UPDATE SETIAP HARI JUM'AT MALAM/SABTU DINI HARI


All characters' name of Naruto belong to Masashi Kishimoto

"PEMAKAN HATI YANG MEMAR"

By Kohan44

PERINGATAN

"Mengandung OOC, AU, dan Pair sesuka author. No BL."

PROLOG

"Pendosa"


Air berjatuhan dari langit. Deru benturan ribuan tetes air mencela percakapan kami. Dia melolong di hadapanku mengucapkan banyak kata-kata buruk. Bahunya berguncang, tangannya naik-turun tak menentu, dan matanya berlarian kesana kemari. Dia sangat nampak ingin meledak, tapi sesuatu menghalanginya. Bukan karena hujan yang menghalau niatnya, bukan pula dingin yang mencekam kulit kami.

"Ayo pulang! Aku berjanji tidak akan bicara apapun soal ini!" katanya bernada mengakhiri, tapi aku mendengar sebuah raungan. Emosi yang dipendam, namun lolos menyaingi gaung hujan dan melubur menjadi satu, seolah aku bisa mendengar di tiap hentakan tetes airnya terselip umpatan. itu membuat hatiku resah.

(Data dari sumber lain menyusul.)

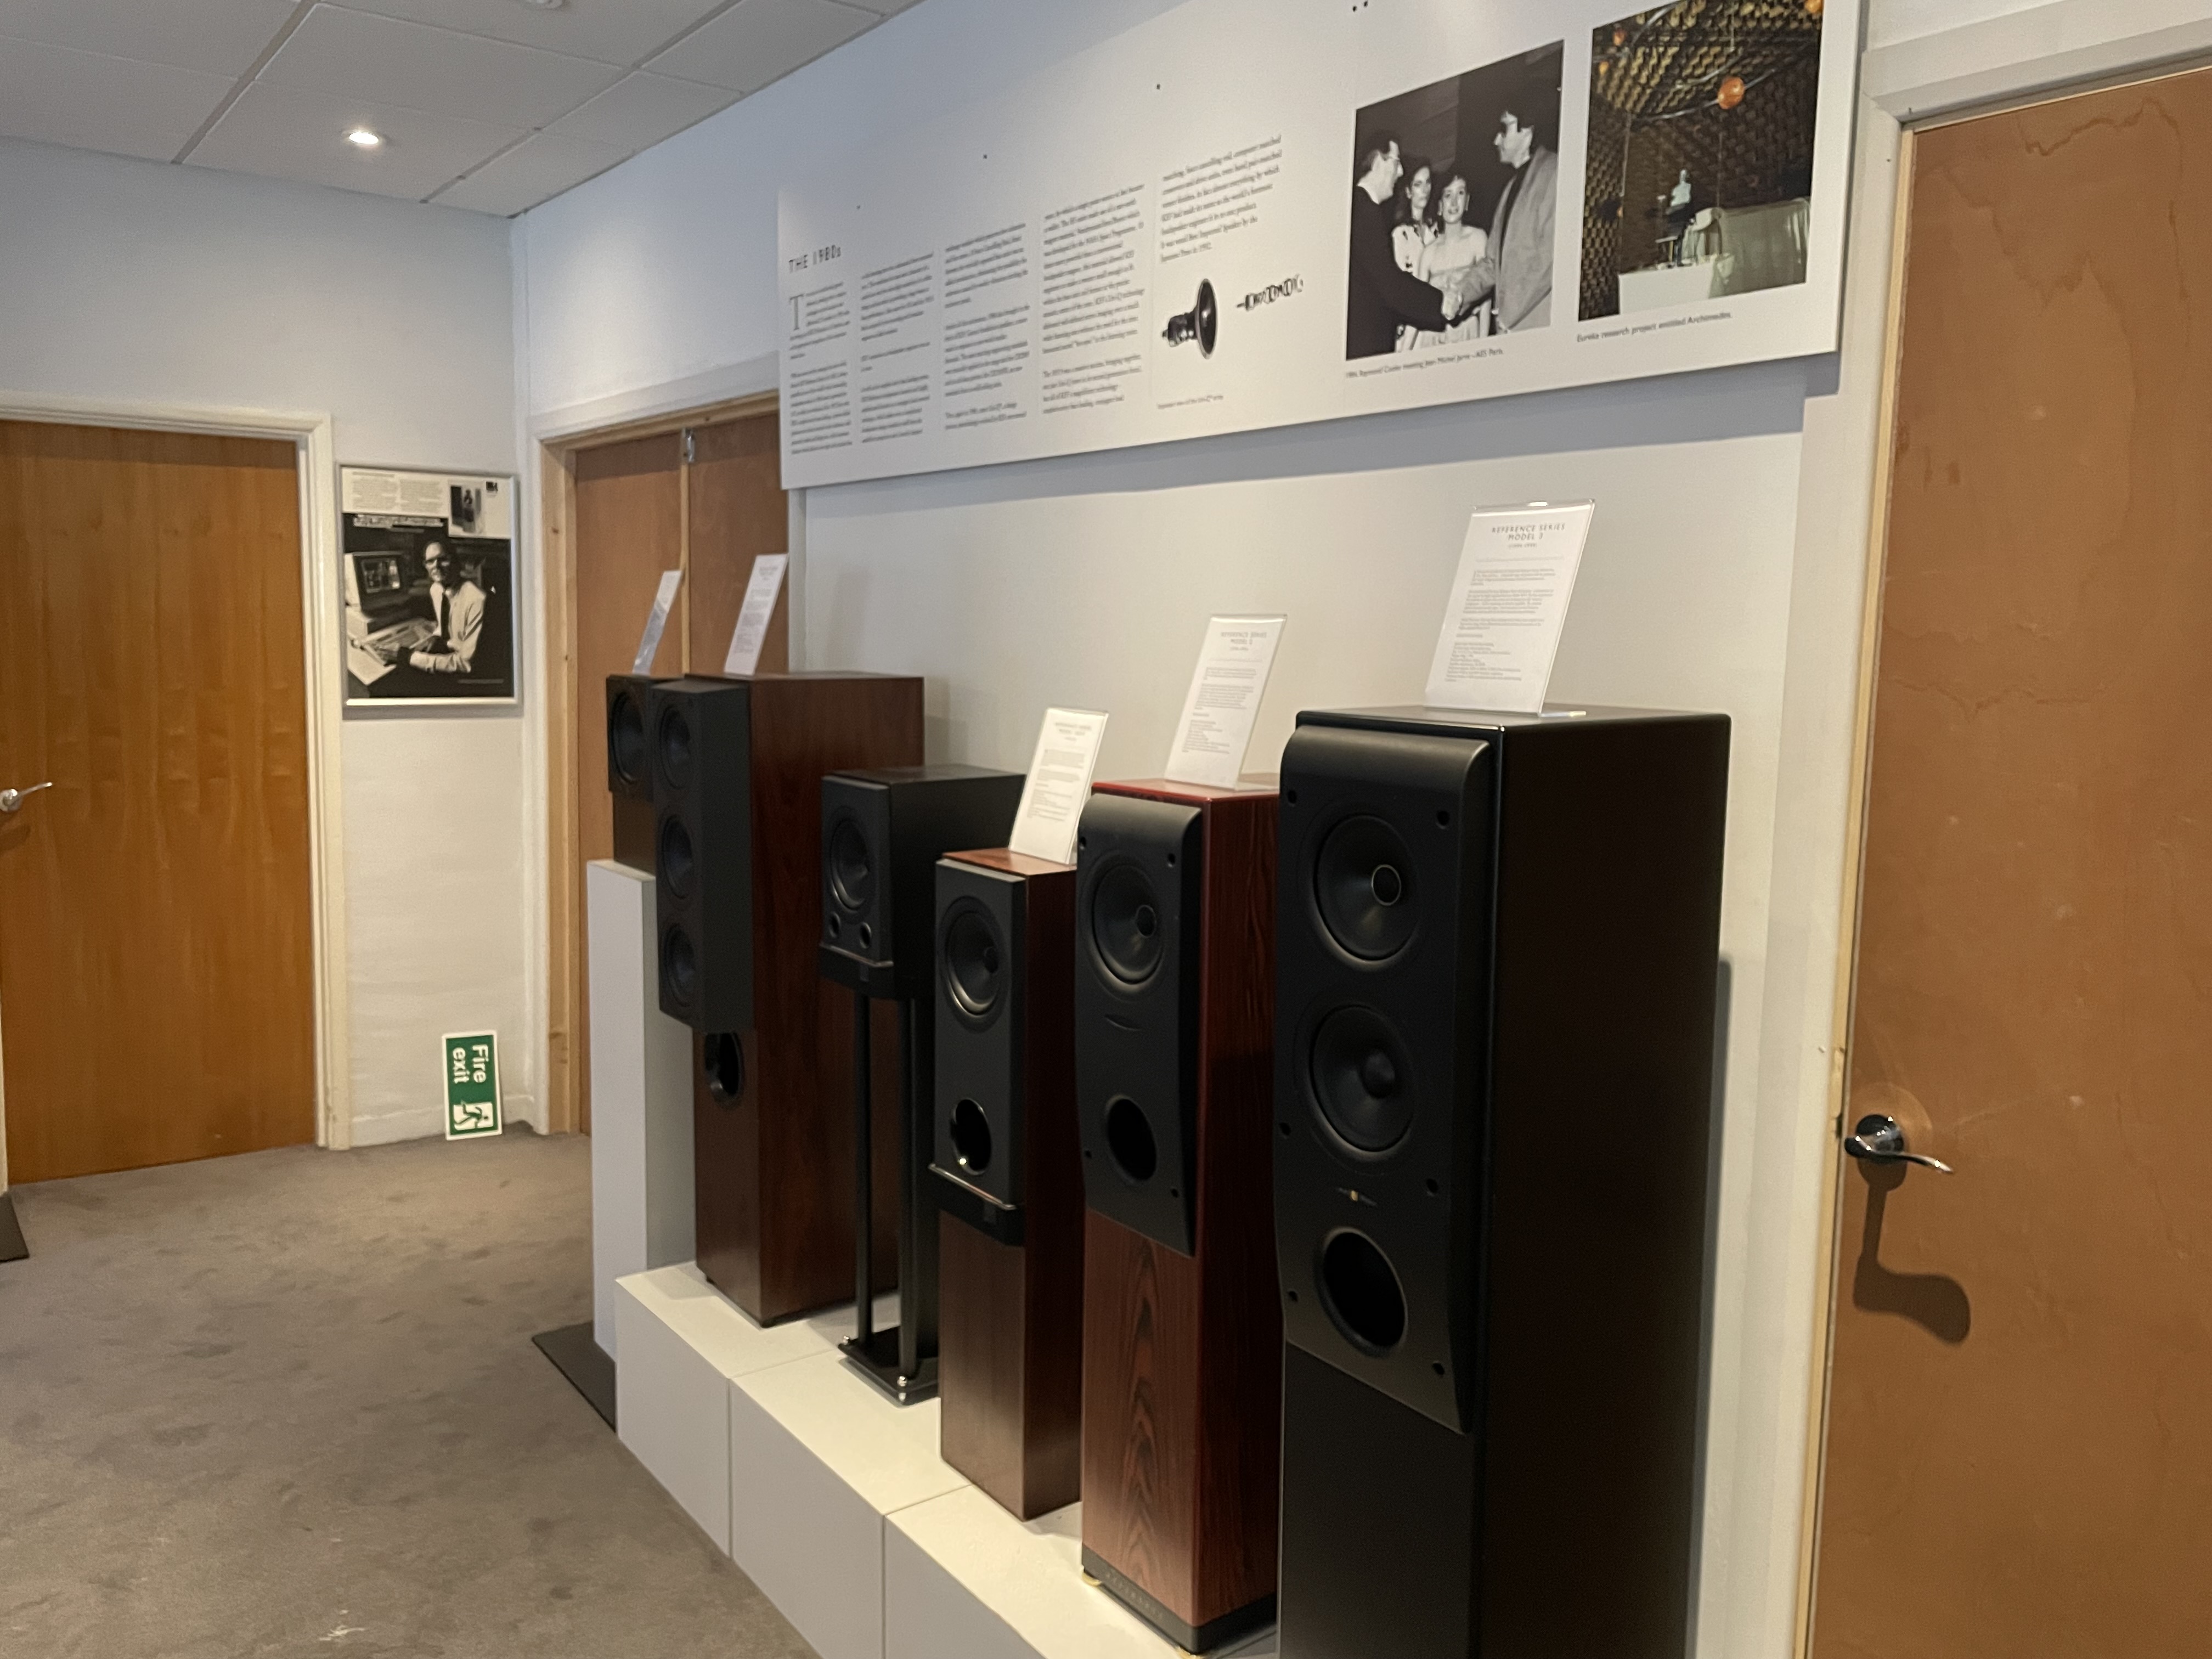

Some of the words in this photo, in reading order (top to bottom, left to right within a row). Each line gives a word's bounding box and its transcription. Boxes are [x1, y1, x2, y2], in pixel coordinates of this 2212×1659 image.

[789, 254, 808, 273] THE
[812, 245, 841, 265] 1980s
[1491, 524, 1536, 534] REFERENCE
[1539, 523, 1566, 532] SERIES
[1508, 533, 1534, 541] MODEL
[453, 1047, 470, 1084] exit
[472, 1044, 489, 1084] Fire

Aku ingin menjawab setiap panggilannya, balas menyerukan bahwa aku ingin berlari ke dalam pelukannya lalu menangis tersedu-sedu dan kami pulang bergandengan tangan untuk menikmati secangkir coklat panas di rumah kami. Tapi, apa kedua tangan ini pantas menerima uluran seseorang?

Tadinya aku kira aku ini kuat, tapi bukan karena kuat aku tak menangis. Aku ini pendosa dan jika menangis membuktikan rasa bersalahku, maka aku telah melanggar larangan paling pertama.

Lintasan merah menggenang di mata kaki yang kemudian merah itu mengalir hanyut dibawa arus yang membentuk bayangan semu, turun ke dataran yang lebih rendah, bergerak lamban membentuk garis-garis tebal dan tipis seperti asap rokok di udara, dan isi kepalaku bersikuku menganggap merah itu adalah asap rokok, memungkiri kenyataan yang membuatku takut tentang warna itu.

Oh, aku melanggar aturan kekdua. Rasa takut.

"Apa dia mati? Apa aku membunuhnya?" kataku serak tak berusaha membuat volume suara yang besar, tidak pula membuat suara yang kecil. Suara itu keluar tidak terdengar seperti rintihan di bawah kami. Aku menahan diri supaya tidak lari tiap kali mataku tak sengaja bertemu tubuh dingin di antara genangan air yang diam-diam menonton kami.

Angin bertiup, hujan pun menderu-deru mengubur bau amis ke dalam duka mencekam. Dengan dosa ini, aku menyimpan namaku di antara serat hatimu yang memar.